• Problem to work on: Print every line below without adding or leaving out a single word.
☆ ☆ ☆ ☆
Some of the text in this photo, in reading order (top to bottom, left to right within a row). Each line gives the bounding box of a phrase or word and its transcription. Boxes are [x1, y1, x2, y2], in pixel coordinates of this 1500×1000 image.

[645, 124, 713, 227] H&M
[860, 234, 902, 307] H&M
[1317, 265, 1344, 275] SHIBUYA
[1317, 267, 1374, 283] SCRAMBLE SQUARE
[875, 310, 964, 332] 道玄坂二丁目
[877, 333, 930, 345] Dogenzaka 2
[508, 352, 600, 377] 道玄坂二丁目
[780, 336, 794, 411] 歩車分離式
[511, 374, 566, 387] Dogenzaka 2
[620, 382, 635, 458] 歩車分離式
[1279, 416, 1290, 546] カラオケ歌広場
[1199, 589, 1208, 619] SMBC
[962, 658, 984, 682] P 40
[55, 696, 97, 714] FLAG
☆ ☆ ☆ ☆
• Response to the exercise:
Some of the text in this photo, in reading order (top to bottom, left to right within a row). Each line gives the bounding box of a phrase or word and its transcription. Boxes are [x1, y1, x2, y2], in pixel coordinates of this 1500×1000 image.

[645, 124, 713, 227] H&M
[860, 234, 902, 307] H&M
[1317, 265, 1344, 275] SHIBUYA
[1317, 267, 1374, 283] SCRAMBLE SQUARE
[875, 310, 964, 332] 道玄坂二丁目
[877, 333, 930, 345] Dogenzaka 2
[508, 352, 600, 377] 道玄坂二丁目
[780, 336, 794, 411] 歩車分離式
[511, 374, 566, 387] Dogenzaka 2
[620, 382, 635, 458] 歩車分離式
[1279, 416, 1290, 546] カラオケ歌広場
[1199, 589, 1208, 619] SMBC
[962, 658, 984, 682] P 40
[55, 696, 97, 714] FLAG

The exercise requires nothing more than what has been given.